- What this task involves
Wherever a picture appears, leave it out, and transcribe the rest of the records exactly.

Spatial localization data:
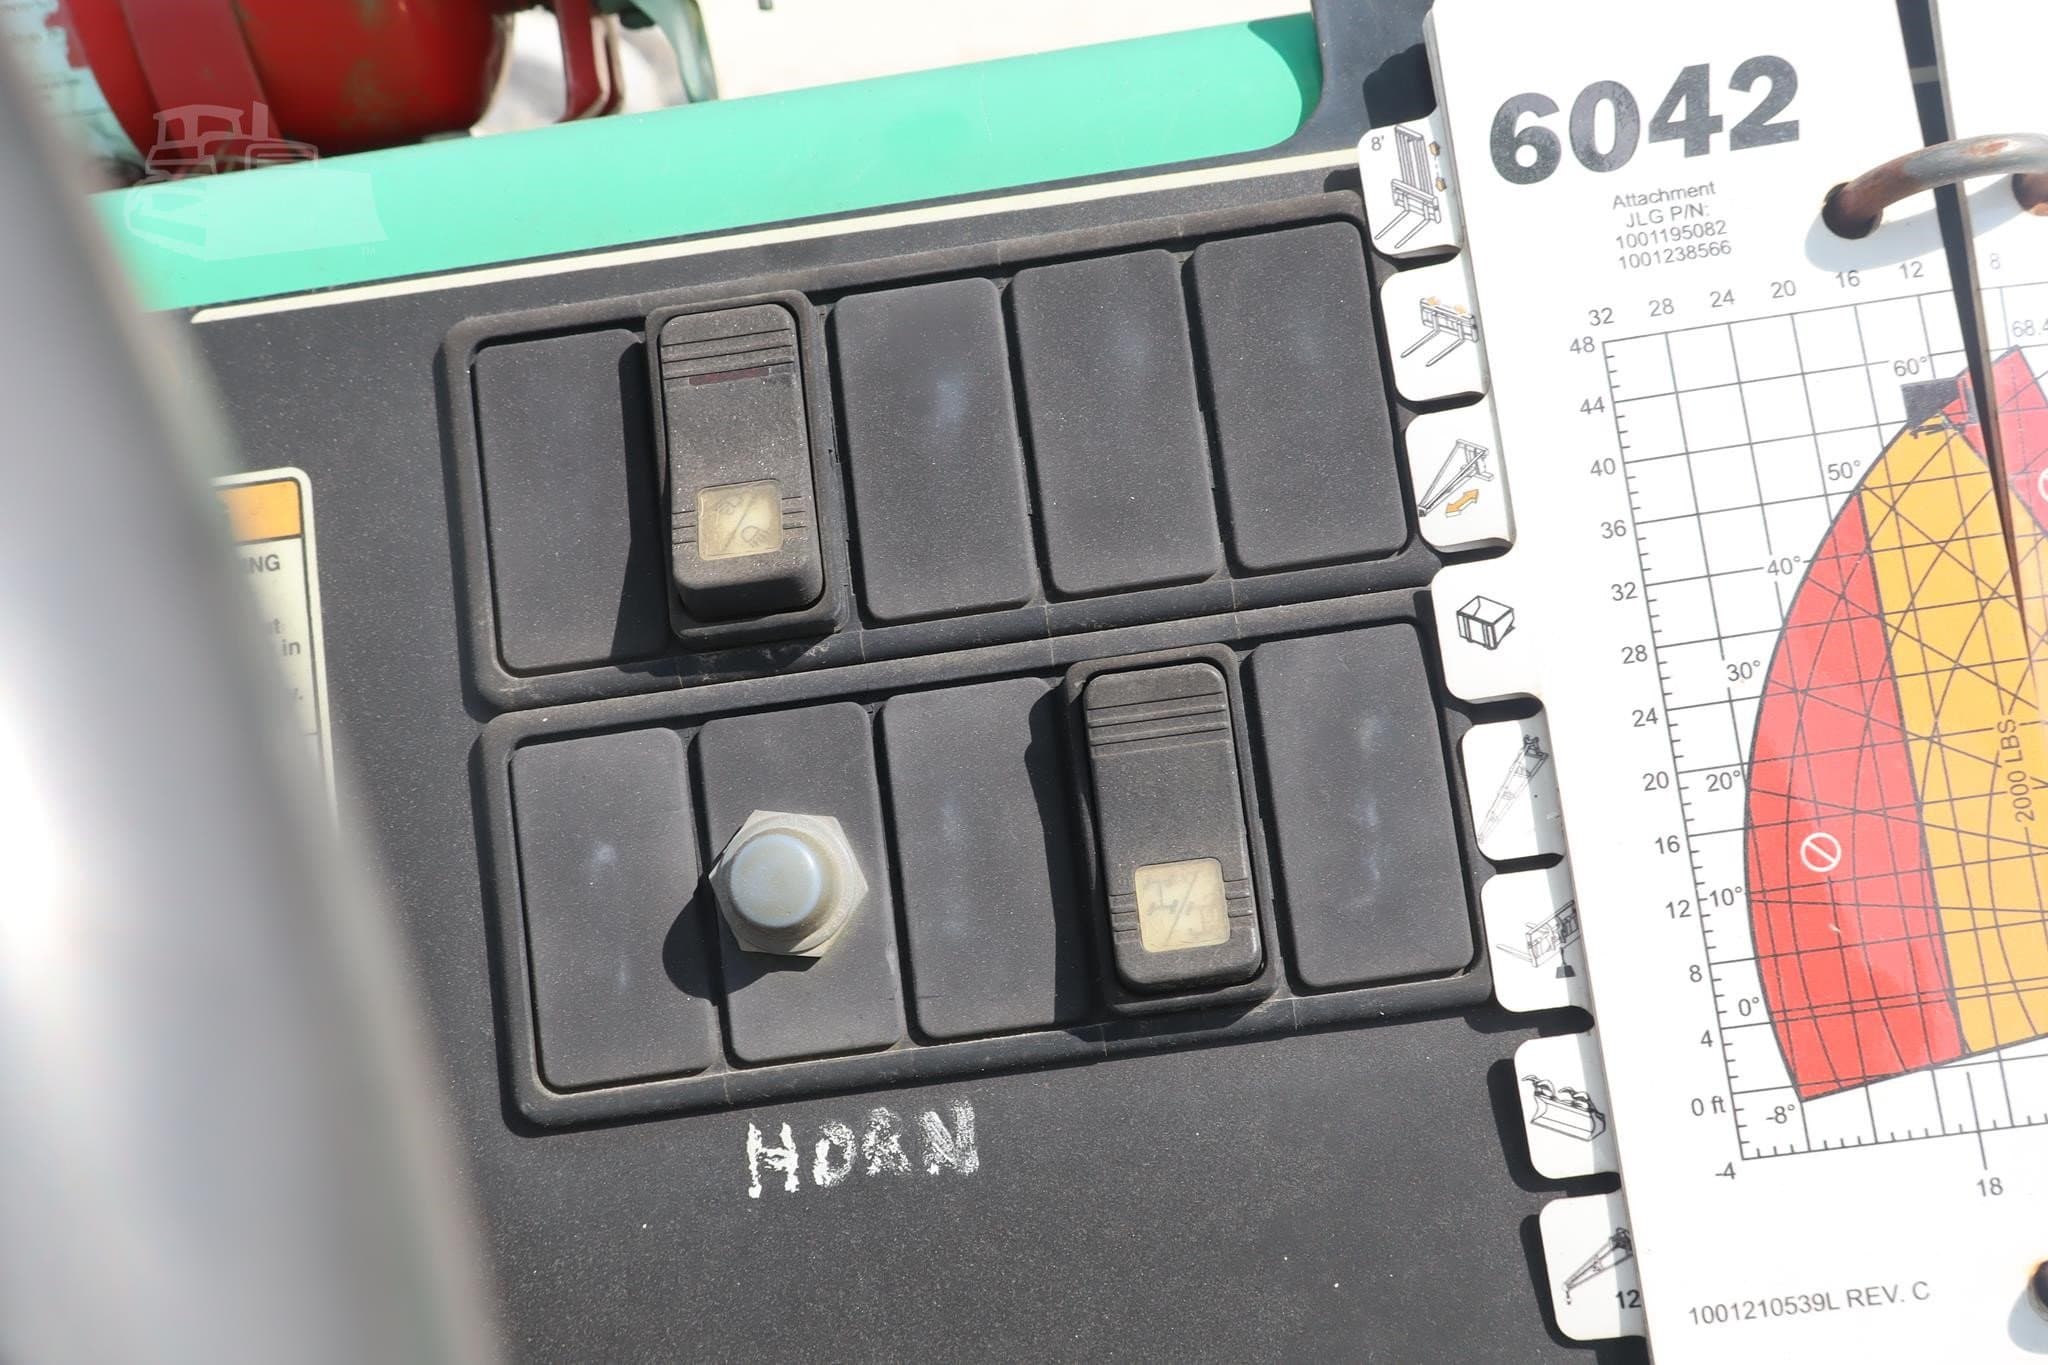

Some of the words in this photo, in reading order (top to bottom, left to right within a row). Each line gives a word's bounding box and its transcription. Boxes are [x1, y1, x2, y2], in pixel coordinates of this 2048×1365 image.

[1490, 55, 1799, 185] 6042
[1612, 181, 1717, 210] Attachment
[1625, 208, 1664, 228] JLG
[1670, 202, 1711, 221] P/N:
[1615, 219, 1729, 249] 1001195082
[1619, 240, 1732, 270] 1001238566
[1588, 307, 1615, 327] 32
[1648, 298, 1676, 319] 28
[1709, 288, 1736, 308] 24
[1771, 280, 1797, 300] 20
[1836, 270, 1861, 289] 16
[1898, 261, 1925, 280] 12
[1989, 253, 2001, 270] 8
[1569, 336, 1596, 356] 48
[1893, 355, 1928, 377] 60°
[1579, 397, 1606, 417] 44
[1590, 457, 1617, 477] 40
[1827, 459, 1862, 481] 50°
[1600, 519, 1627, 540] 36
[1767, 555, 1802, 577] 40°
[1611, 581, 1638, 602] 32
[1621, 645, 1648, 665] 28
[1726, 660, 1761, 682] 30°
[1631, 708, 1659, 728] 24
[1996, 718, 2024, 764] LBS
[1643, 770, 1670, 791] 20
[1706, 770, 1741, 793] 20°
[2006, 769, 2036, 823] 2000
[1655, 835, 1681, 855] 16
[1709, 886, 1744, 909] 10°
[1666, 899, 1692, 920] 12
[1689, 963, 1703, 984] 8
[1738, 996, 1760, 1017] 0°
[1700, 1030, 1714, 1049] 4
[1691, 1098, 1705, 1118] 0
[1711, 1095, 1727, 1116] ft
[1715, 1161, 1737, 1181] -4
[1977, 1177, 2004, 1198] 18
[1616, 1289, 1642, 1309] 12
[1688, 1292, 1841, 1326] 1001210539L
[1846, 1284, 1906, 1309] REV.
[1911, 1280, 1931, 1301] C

- Response
Some of the words in this photo, in reading order (top to bottom, left to right within a row). Each line gives a word's bounding box and its transcription. Boxes are [x1, y1, x2, y2], in pixel coordinates of this 2048×1365 image.

[1490, 55, 1799, 185] 6042
[1612, 181, 1717, 210] Attachment
[1625, 208, 1664, 228] JLG
[1670, 202, 1711, 221] P/N:
[1615, 219, 1729, 249] 1001195082
[1619, 240, 1732, 270] 1001238566
[1588, 307, 1615, 327] 32
[1648, 298, 1676, 319] 28
[1709, 288, 1736, 308] 24
[1771, 280, 1797, 300] 20
[1836, 270, 1861, 289] 16
[1898, 261, 1925, 280] 12
[1989, 253, 2001, 270] 8
[1569, 336, 1596, 356] 48
[1893, 355, 1928, 377] 60°
[1579, 397, 1606, 417] 44
[1590, 457, 1617, 477] 40
[1827, 459, 1862, 481] 50°
[1600, 519, 1627, 540] 36
[1767, 555, 1802, 577] 40°
[1611, 581, 1638, 602] 32
[1621, 645, 1648, 665] 28
[1726, 660, 1761, 682] 30°
[1631, 708, 1659, 728] 24
[1996, 718, 2024, 764] LBS
[1643, 770, 1670, 791] 20
[1706, 770, 1741, 793] 20°
[2006, 769, 2036, 823] 2000
[1655, 835, 1681, 855] 16
[1709, 886, 1744, 909] 10°
[1666, 899, 1692, 920] 12
[1689, 963, 1703, 984] 8
[1738, 996, 1760, 1017] 0°
[1700, 1030, 1714, 1049] 4
[1691, 1098, 1705, 1118] 0
[1711, 1095, 1727, 1116] ft
[1715, 1161, 1737, 1181] -4
[1977, 1177, 2004, 1198] 18
[1616, 1289, 1642, 1309] 12
[1688, 1292, 1841, 1326] 1001210539L
[1846, 1284, 1906, 1309] REV.
[1911, 1280, 1931, 1301] C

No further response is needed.